Inaspettatamente, proprio da dietro quel grosso cespuglio lì in fondo, giunse l’origine della sua salvezza.
Una zampettante lepre grigia, non accortasi di Matthew a causa del vento contrario, era appena uscita dal suo nascondiglio. Emanava un odore forte, invitante, accattivante. Un odore che lui era certo di non aver mai sentito, ma che sapeva di conoscere da sempre.

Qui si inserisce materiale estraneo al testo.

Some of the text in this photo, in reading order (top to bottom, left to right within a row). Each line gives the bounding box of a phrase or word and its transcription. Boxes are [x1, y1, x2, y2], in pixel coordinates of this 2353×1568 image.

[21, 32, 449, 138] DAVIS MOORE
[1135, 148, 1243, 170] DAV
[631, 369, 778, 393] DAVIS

Come se fosse stato inciso a fuoco, secoli prima, nel suo cervello, pronto per essere riconosciuto nel momento più opportuno. Un odore che parlava di…
“Preda. La mia preda”.
La razionalità umana si spense. Matthew non c’era più. Esistevano soltanto la lepre e il lupo.
Proprio in quel momento, la direzione del vento cambiò e la lepre si accorse di non essere sola. Allora seguì un istante di pura consapevolezza, in cui ogni essere vivente e la foresta intera parvero bloccarsi e trattenere il respiro in trepidante attesa. Preda e predatore si fissarono per alcuni secondi, riconoscendo l’uno nell’altro la propria nemesi ancestrale.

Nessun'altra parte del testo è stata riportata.